New study suggests Mexican soda tax works

19 June 2015

Mexicans purchased fewer sugary drinks in 2014 following the introduction of a soda tax, highlighting how fiscal measures can be used to improve diets. The average household bought and consumed 6% less sugary drinks. The reduction increased over the course of the year as consumer habits began to shift, reaching 12% by December 2014. 

Mexico soda tax

In the context of the global epidemic of rising obesity, reducing soda consumption is a public health challenge. Consuming sugary drinks regularly is harmful to health, and in Mexico, the primary consumer of sugary drinks in the world, it contributes to staggering rates of obesity, diabetes and heart disease. 

In response to this challenge, a tax to increase the price of sugary drink by 10% came into effect on 1 January 2014. Now, a year since its introduction, a study by the Mexican National Institute of Public Health has evaluated its effect, showing that it has been successful at discouraging soda purchases across the population.

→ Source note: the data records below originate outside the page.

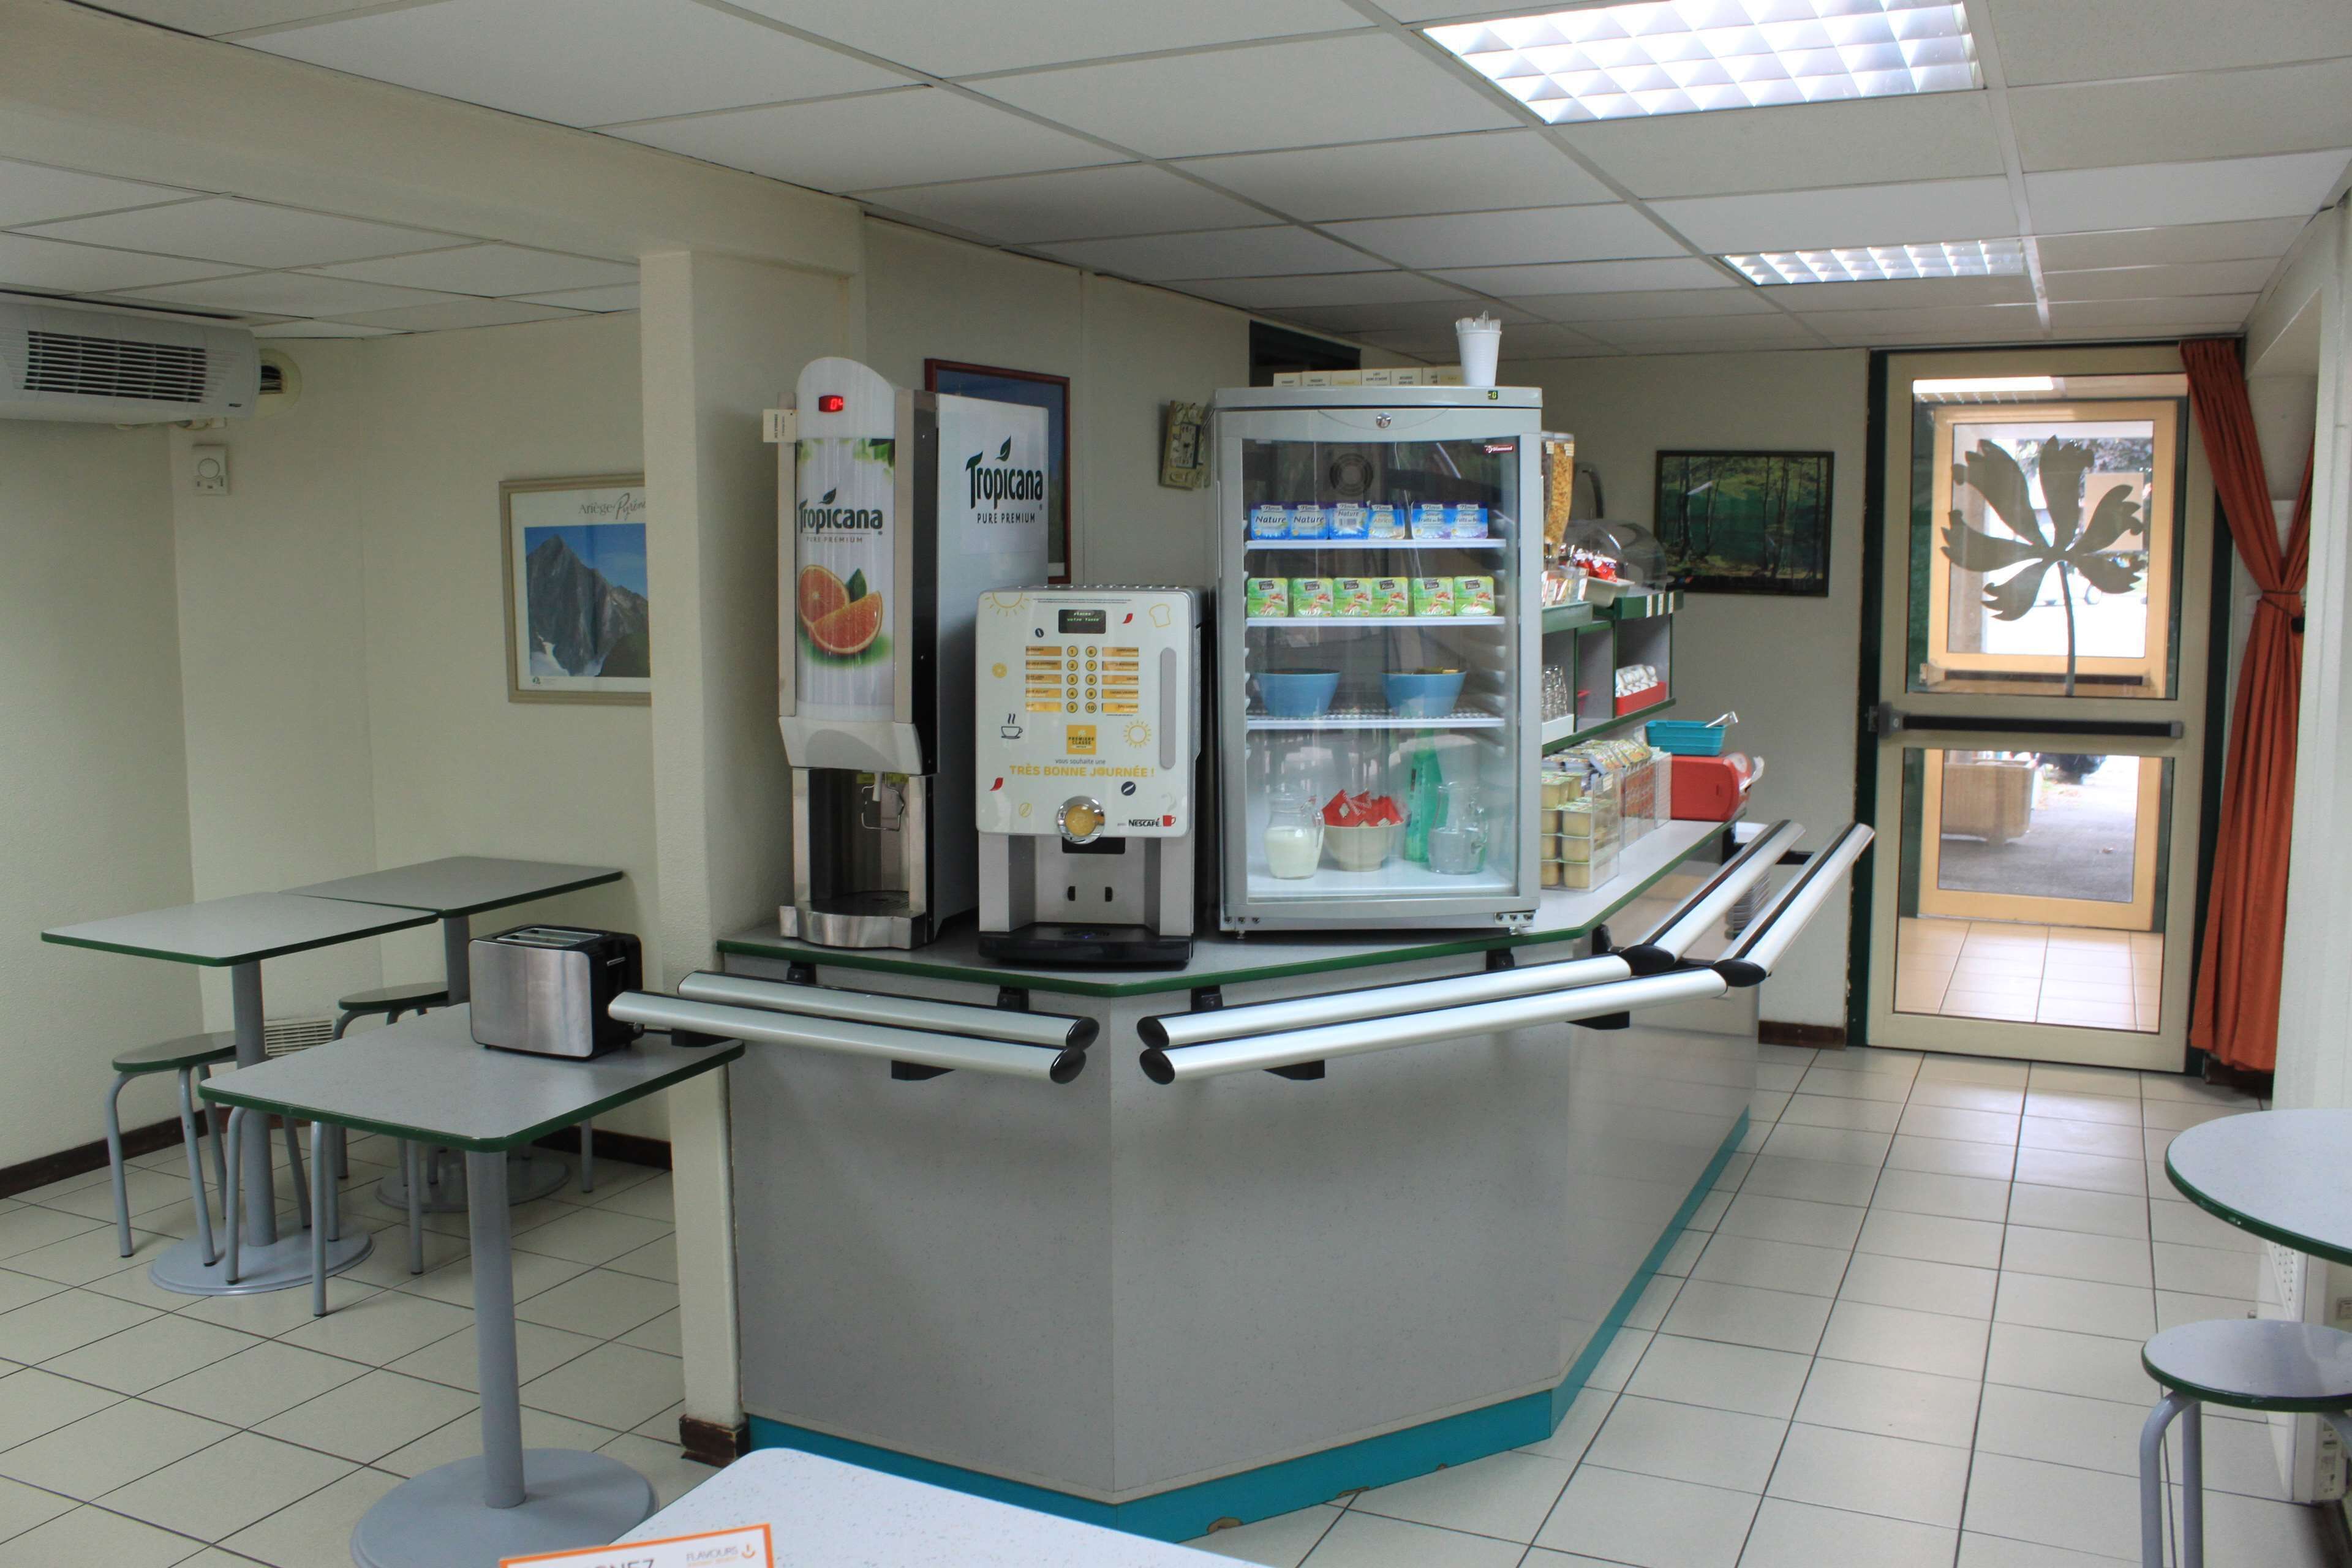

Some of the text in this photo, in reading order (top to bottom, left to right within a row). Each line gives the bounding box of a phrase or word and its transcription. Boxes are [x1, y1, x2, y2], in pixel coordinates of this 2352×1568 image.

[965, 451, 1043, 510] Tropicana
[578, 502, 613, 515] Ariège
[799, 499, 883, 534] Tropicana
[978, 513, 1035, 524] PURE PREMIUM
[1009, 763, 1040, 775] TRÈS
[1044, 766, 1087, 777] BONNE
[1090, 765, 1147, 777] JOURNÉE
[1129, 818, 1161, 827] NESCAFÉ
[686, 1547, 737, 1561] FLAVOURS

The tax was introduced following a huge campaign run by a coalition of civil society organisations, Alianza por la Salud, of which CI Member El Poder del Consumidor is a key part. The key features from their resoundingly successful advocacy strategy have been examined in a John Hopkins University report.

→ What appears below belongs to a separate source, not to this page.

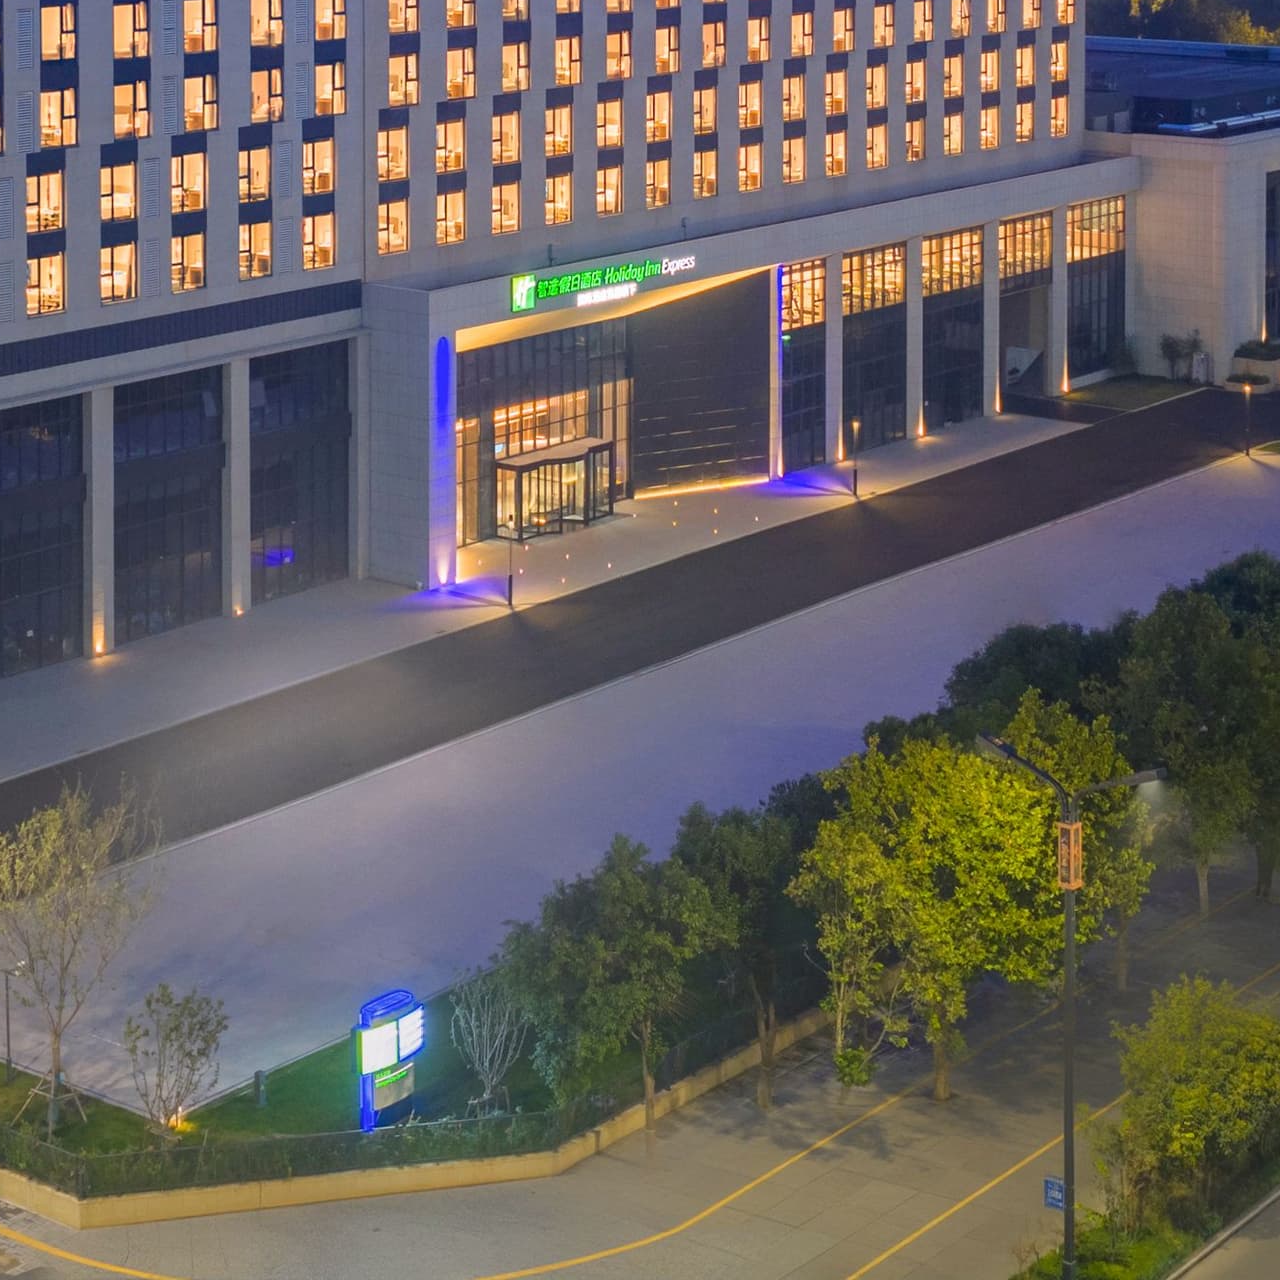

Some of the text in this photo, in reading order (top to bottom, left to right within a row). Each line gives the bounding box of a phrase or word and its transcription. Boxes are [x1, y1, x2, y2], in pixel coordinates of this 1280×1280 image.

[604, 255, 696, 284] Holiday Inn Express

The Alliance continues to campaign to improve the outcomes of the soda tax, calling for an increase of the tax to 20%, in line with recommendations from the Pan American Health Organisation, and the earmarking of all revenue to fund initiatives that promote water drinking.

These results highlight how fiscal measures can help change behaviours and benefit public health. CI is campaigning for a Global Convention to Protect and Promote healthy diets, a binding treaty that would give countries the legal tools to recalibrate their food systems to promote healthier choices.